Partial application is when you fix some arguments of a function and return a new function that takes the remaining arguments. Instead of passing all arguments at once, you "pre-fill" some of them. This creates specialized versions of general functions.

How it works

function multiply(a, b) {
return a * b;
}
// Partially apply the first argument
function double(b) {
return multiply(2, b);
}
function triple(b) {
return multiply(3, b);
}
double(5); // 10
triple(5); // 15

double and triple are partially applied versions of multiply — the first argument is fixed.

Using bind

Function.prototype.bind is a built-in way to do partial application:

function multiply(a, b) {
return a * b;
}
const double = multiply.bind(null, 2);
const triple = multiply.bind(null, 3);
double(5); // 10
triple(5); // 15

The first argument to bind sets this (we use null since we do not need it). The remaining arguments are pre-filled.

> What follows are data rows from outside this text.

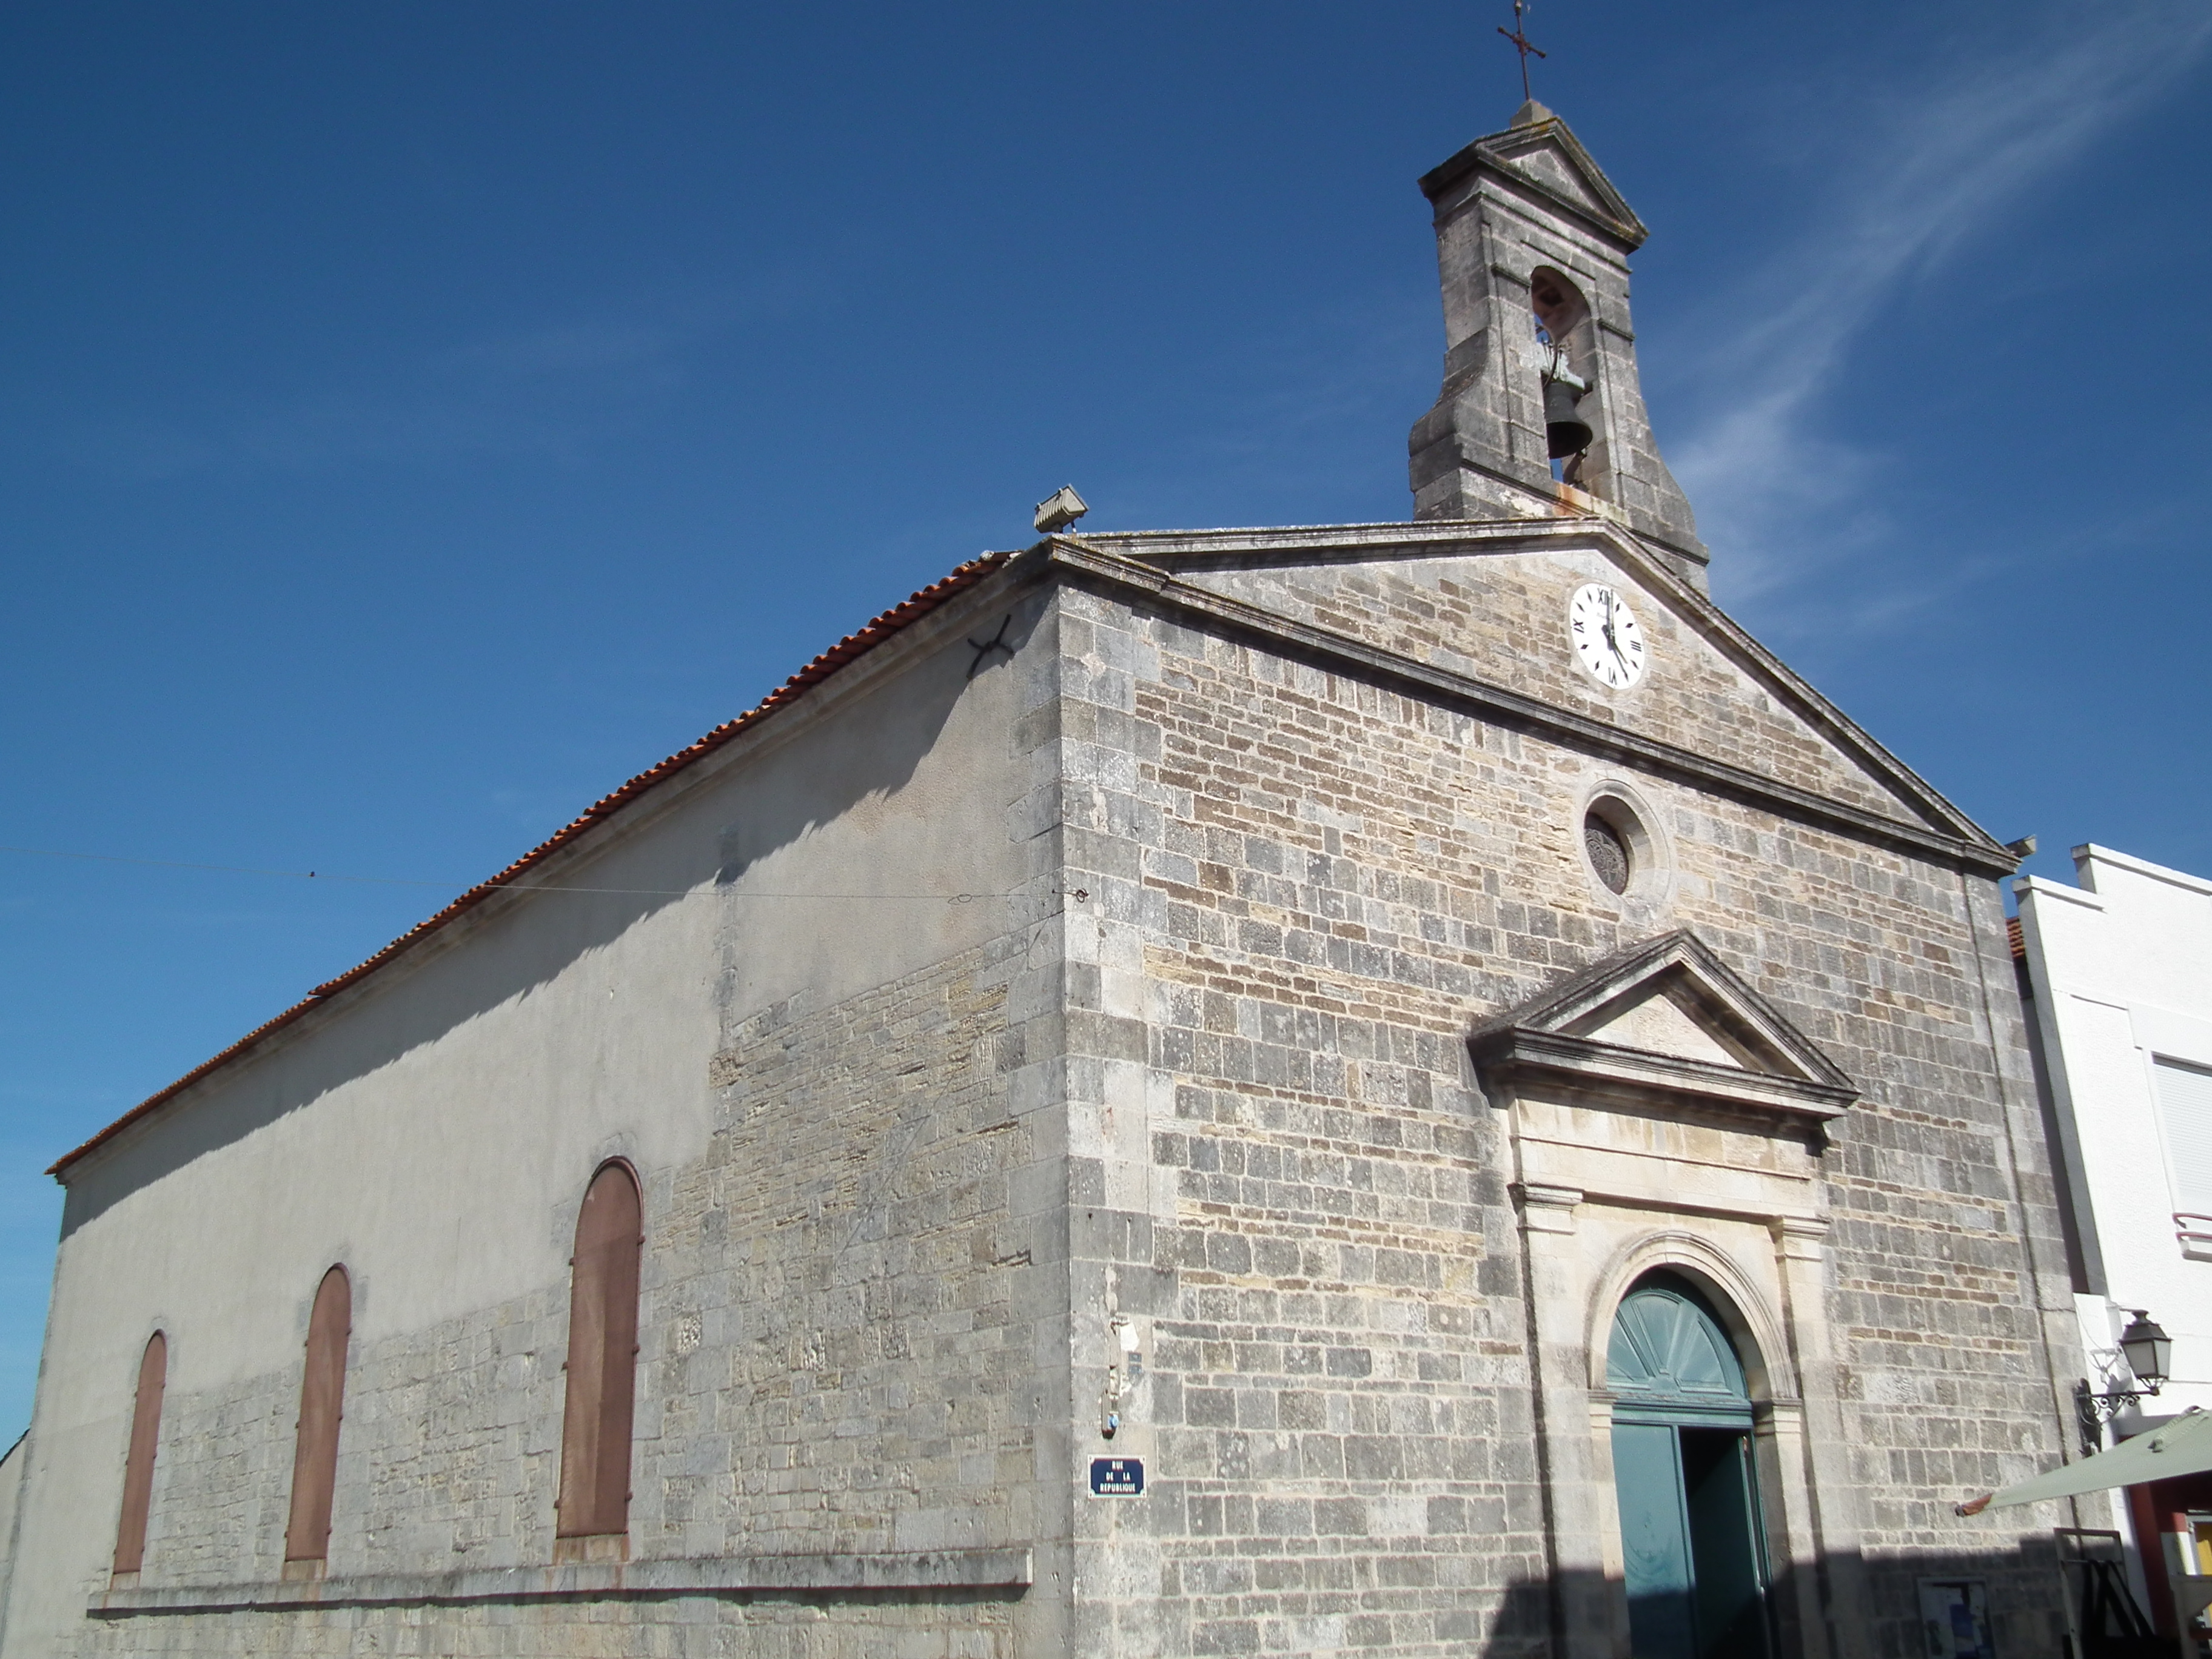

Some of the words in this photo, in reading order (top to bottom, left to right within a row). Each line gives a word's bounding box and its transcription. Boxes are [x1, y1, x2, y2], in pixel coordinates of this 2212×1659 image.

[1573, 618, 1584, 633] IX
[1631, 640, 1642, 652] III
[1111, 1460, 1124, 1470] RUE
[1106, 1472, 1114, 1481] DE
[1123, 1472, 1131, 1481] LA
[1099, 1483, 1136, 1493] REPUBLIQUE

A generic partial function

function partial(fn, ...presetArgs) {
return function (...remainingArgs) {
return fn(...presetArgs, ...remainingArgs);
};
}
function add(a, b, c) {
return a + b + c;
}
const add10 = partial(add, 10);
add10(5, 3); // 18
const add10and5 = partial(add, 10, 5);
add10and5(3); // 18

Practical examples

Creating API fetchers:

function fetchFromApi(baseUrl, endpoint) {
return fetch(`${baseUrl}${endpoint}`).then((r) =>
r.json()
);
}
const fetchFromGithub = partial(
fetchFromApi,
'https://api.github.com'
);
const fetchFromStripe = partial(
fetchFromApi,
'https://api.stripe.com'
);
fetchFromGithub('/users/octocat');
fetchFromStripe('/v1/customers');

Event handlers with extra data:

function handleClick(userId, event) {
console.log(`User ${userId} clicked`, event);
}
<button onClick={partial(handleClick, user.id)}>
Click
</button>;

Interview Tip

Show a simple example like double from multiply, then the bind approach. If the interviewer asks about the difference from currying, partial application fixes some arguments at once, while currying transforms a function to take arguments one at a time.

Why interviewers ask this

Partial application tests if you understand function composition and can create specialized functions from general ones. It is a common pattern in functional programming that shows up in real code — event handlers, API clients, and configuration.